Compared with the prior art, the application has the beneficial effects that:

the array type spray head is specially designed for 3D printing of cement-based materials, consists of a plurality of rows of nozzle units which can be independently controlled, and can flexibly and independently control the switch of each nozzle unit according to the geometric structure of a model to be printed in the printing process, so that the large size and high precision are simultaneously considered, the printing efficiency of the model (especially complex model structure) in manufacturing is improved due to the simultaneous operation of a plurality of nozzle units, and the blank of the cement-based material array type 3D printing spray head is filled.

Drawings

FIG. 1 is a schematic diagram of a hot material conveying device of a conventional cement material 3D printing nozzle;

fig. 2 is a schematic structural diagram of a cold material conveying device of a 3D printing nozzle for cement materials in the prior art;

FIG. 3 is a schematic diagram of an array type spray head suitable for a 3D printing system for cement-based materials;

FIG. 4 is a schematic view of the mounting structure of two nozzle units and a turbine speed reducer of the present application;

FIG. 5 is a schematic view of a partial cross-sectional front view of an array nozzle mechanism 2 of one embodiment of an array head suitable for use in a 3D printing system for cementitious material in accordance with the present application;

FIG. 6 is a schematic view of the mounting arrangement of the sun gear, the inside gear and the outside gear on the V-shaped support plate of the present application;

in the drawings, 1. Spray head housing, 2. Array nozzle mechanism, 3. Feed mechanism, 11. Floor, 12. Side wall, 13. Baffle, 14. V-shaped support plate, 15. Seal stock house, 16. Turbine speed reducer housing, 17. Cover plate, 21. Nozzle packing auger, 22. Outside gear, 29. Inside gear, 23. Sun gear, 24. Upper face gear, 25. Lower face gear, 26. Pressure increasing valve, 27. Cylinder, 28. Turbine speed reducer, 111. Spout, 112. Side wall mounting hole.

Detailed Description

The application is further described below with reference to examples and drawings, which are not intended to limit the scope of the claims.

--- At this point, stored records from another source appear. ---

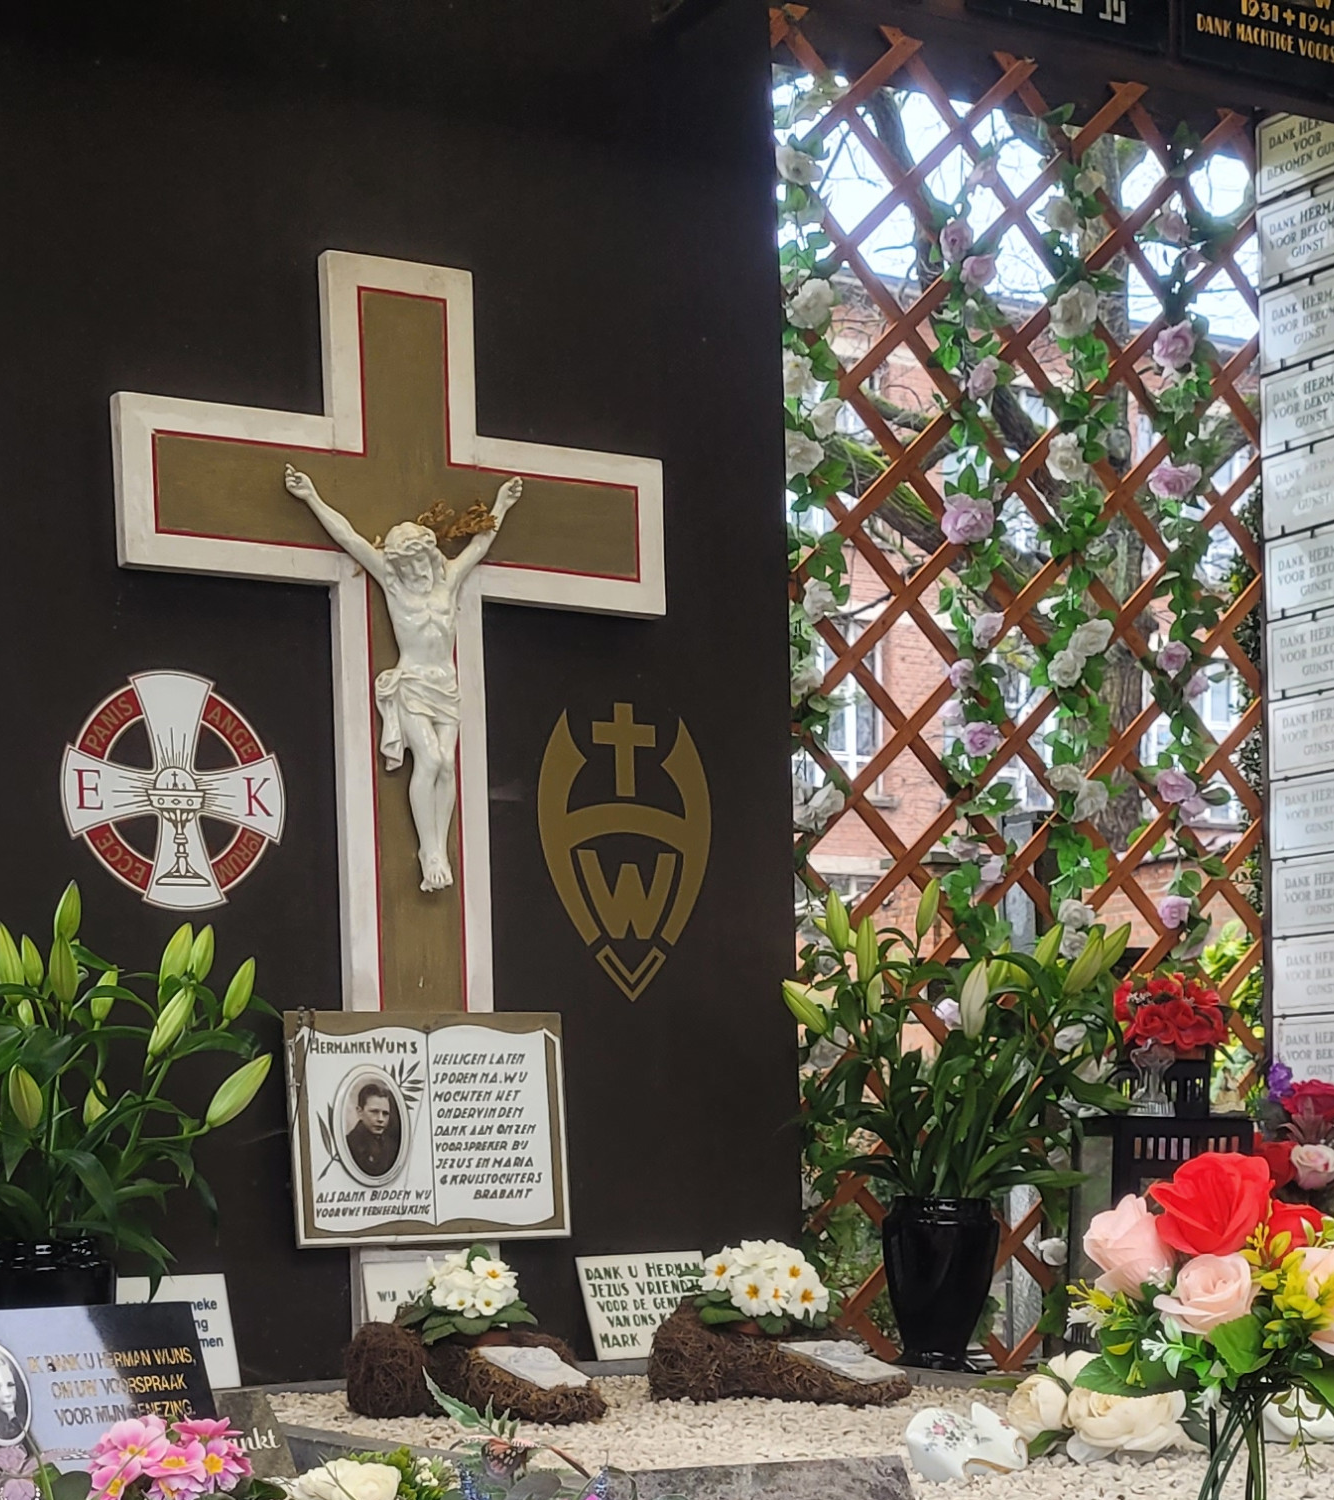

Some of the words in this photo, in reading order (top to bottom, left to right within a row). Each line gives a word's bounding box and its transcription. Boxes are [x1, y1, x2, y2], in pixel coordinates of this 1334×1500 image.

[1196, 13, 1232, 38] DANK
[85, 696, 133, 752] PANIS
[207, 705, 257, 759] ANGE
[72, 768, 104, 811] E
[242, 776, 274, 817] K
[96, 832, 148, 884] ECCE
[433, 1053, 487, 1065] HEILIGEN
[489, 1053, 525, 1065] LATEN
[432, 1072, 478, 1085] SPOREN
[433, 1090, 493, 1102] MOCHTEN
[495, 1090, 521, 1101] HET
[437, 1107, 524, 1119] ONDERVINDEN
[434, 1125, 467, 1136] DANK
[469, 1125, 494, 1135] AAN
[497, 1124, 537, 1135] ONZEN
[435, 1140, 508, 1152] VOORSPREKER
[436, 1157, 474, 1169] JEZUS
[475, 1157, 490, 1168] EN
[492, 1157, 534, 1168] MARIA
[450, 1172, 542, 1185] KRUISTOCHTERS
[316, 1192, 335, 1203] ALS
[337, 1192, 366, 1203] DANK
[370, 1190, 411, 1201] BIDDEN
[474, 1188, 533, 1199] BRABANT
[317, 1207, 340, 1219] VOOR
[341, 1206, 361, 1217] UWE
[584, 1267, 623, 1281] DANK
[628, 1265, 638, 1278] U
[588, 1283, 629, 1298] JEZUS
[597, 1300, 628, 1312] VOOR
[634, 1299, 647, 1310] DE
[606, 1314, 631, 1328] VAN
[633, 1314, 656, 1327] ONS
[599, 1333, 640, 1349] MARK
[84, 1354, 95, 1369] U
[98, 1350, 152, 1369] HERMAN
[51, 1380, 74, 1398] OM
[75, 1379, 98, 1396] UW
[101, 1373, 188, 1395] VOORSPRAAK
[54, 1406, 93, 1427] VOOR
[95, 1404, 126, 1422] MIJN
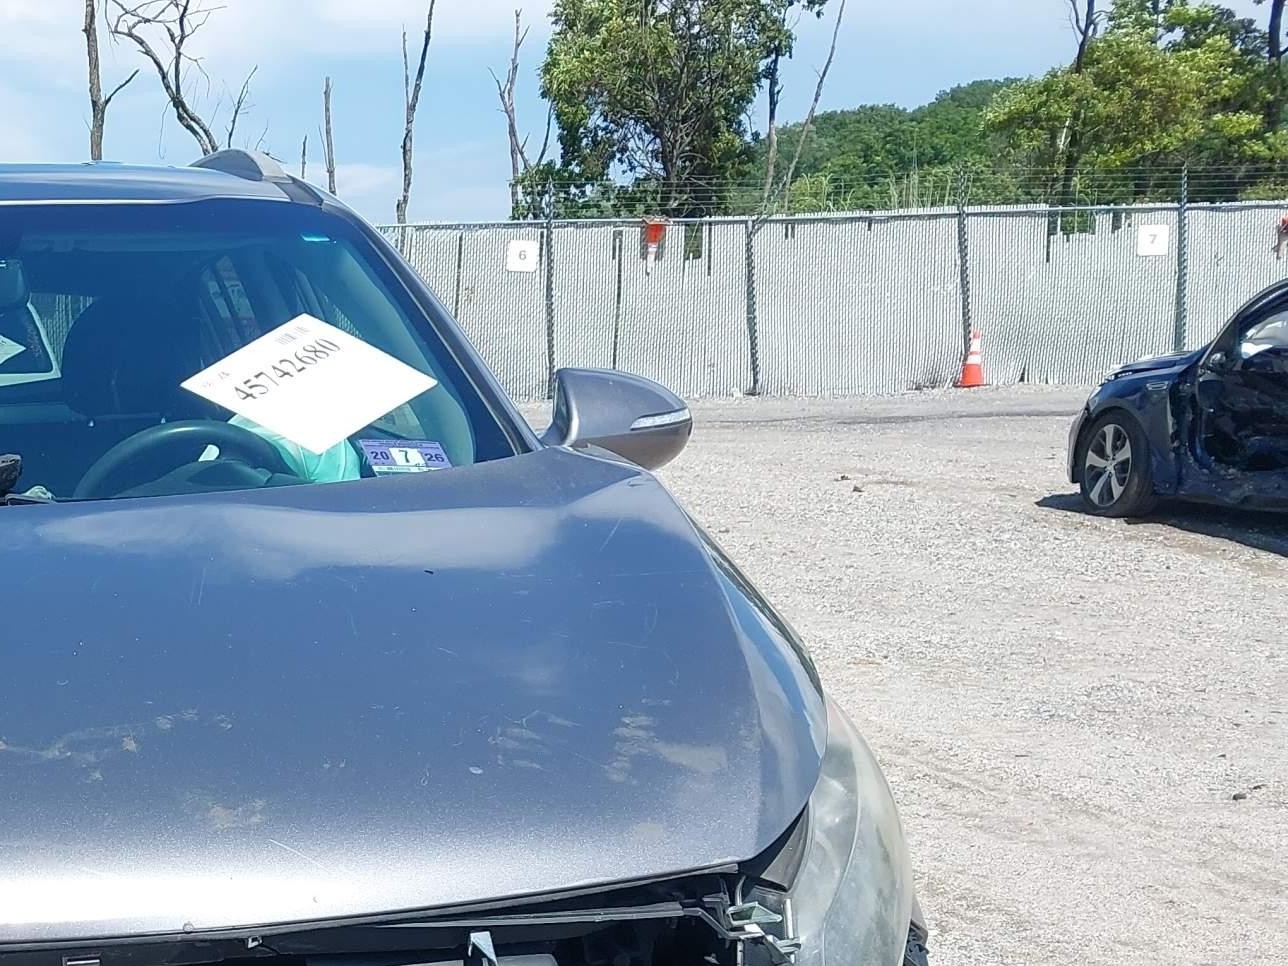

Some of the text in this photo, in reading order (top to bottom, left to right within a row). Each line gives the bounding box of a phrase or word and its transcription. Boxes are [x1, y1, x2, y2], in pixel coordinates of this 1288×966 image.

[1148, 234, 1158, 244] 7
[518, 250, 527, 261] 6
[233, 338, 341, 401] 45742680
[370, 449, 445, 463] 20 7 26

The application is applicable to an array type spray head (simply called as an array type spray head, see figure 3) of a cement-based material 3D printing system, and comprises a spray head shell 1 and an array nozzle mechanism 2; the spray head shell 1 comprises a bottom plate 11, side walls 12, a partition plate 13, a cover plate 17, a V-shaped supporting plate 14 and a turbine speed reducer shell 16, wherein the cross section of the bottom plate 11 is of a W shape, two lowest points of the W-shaped bottom plate are provided with spray nozzles 111, a plurality of spray nozzles are arranged at equal intervals along the length direction of the bottom plate, side wall mounting holes 112 are formed in two side surfaces of the upper part of the W-shaped bottom plate, the bottom plate 11 and the side walls 12 are fixedly connected through bolts penetrating through the side wall mounting holes, and the bottom plate and the side walls 12 are integrally in an inverted cone shape; the middle end surface of the upper part of the W-shaped bottom plate supports the lower part of a V-shaped supporting plate 14, the V-shaped supporting plate 14 is arranged in parallel with the bottom plate up and down, and holes are formed in the V-shaped supporting plate corresponding to the positions of the nozzles; two partition plates 13 are symmetrically arranged in a space surrounded by a bottom plate and side walls on the V-shaped supporting plate, cover plates 17 are fixed on the upper parts of the two partition plates, a sealing bin 15 is formed among the partition plates 13, the V-shaped supporting plate and the adjacent side walls 12, and the upper parts of the sealing bin 15 are connected with an external feeding mechanism 3; a turbine speed reducer shell 16 is fixed above the cover plate 17, and two ends of the turbine speed reducer shell 16 are fixed with the lower end of the external feeding mechanism; the sealing bin 15 is in a strip shape, the length direction of the feeding mechanism is parallel to the sealing bin and forms an included angle of 45 degrees, so that concrete materials can flow under the weight of the concrete materials, and the conveying of the materials is facilitated;

the array nozzle mechanism 2 (see fig. 4 and 5) comprises a turbine speed reducer 28, a central gear 23 and a plurality of nozzle units, wherein the central gear is arranged at the center of the V-shaped supporting plate 14, the turbine speed reducer 28 is contained in a turbine speed reducer shell, the output end of the turbine speed reducer 28 passes through the cover plate 17 and is vertically connected with the central gear, and the central gear can be driven to rotate through the turbine speed reducer; a plurality of nozzle units are distributed on two sides by taking the central gear as the center; each nozzle unit comprises a cylinder 27 (a power component), a pressure increasing valve 26, a nozzle auger 21, an outer side gear 22, an inner side gear 29, an upper end face gear 24 and a lower end face gear 25, one end of the cylinder 27 is connected with an external air pressure source, the lower part of the cylinder 27 penetrates through a cover plate 17 to be connected with the pressure increasing valve 26, and the pressure increasing of the cylinder is realized through the pressure increasing valve; the lower part of the pressure increasing valve 26 is fixedly connected with the upper face gear 24; the upper part of the nozzle auger 21 is fixedly connected with the lower surface of the upper face gear 24, and the lower part of the nozzle auger 21 sequentially passes through the lower face gear 25, the outer side gear 22 and corresponding holes on the V-shaped supporting plate 14 and penetrates into corresponding nozzles 111 on the bottom plate 11; the lower face gear 25 can slide up and down on the nozzle auger 21, so that the face teeth of the lower face gear 25 and the face teeth of the upper face gear 24 can be meshed with each other; an inner gear 29 meshed with the outer gear 22 is arranged on the inner side of the outer gear 22; the inner and outer gears of adjacent two nozzle units are also meshed with each other, and one end of the sun gear 23 is meshed with the inner gear of one or more nozzle units in one row, and the other end is meshed with the inner gear of one or more nozzle units in the other row.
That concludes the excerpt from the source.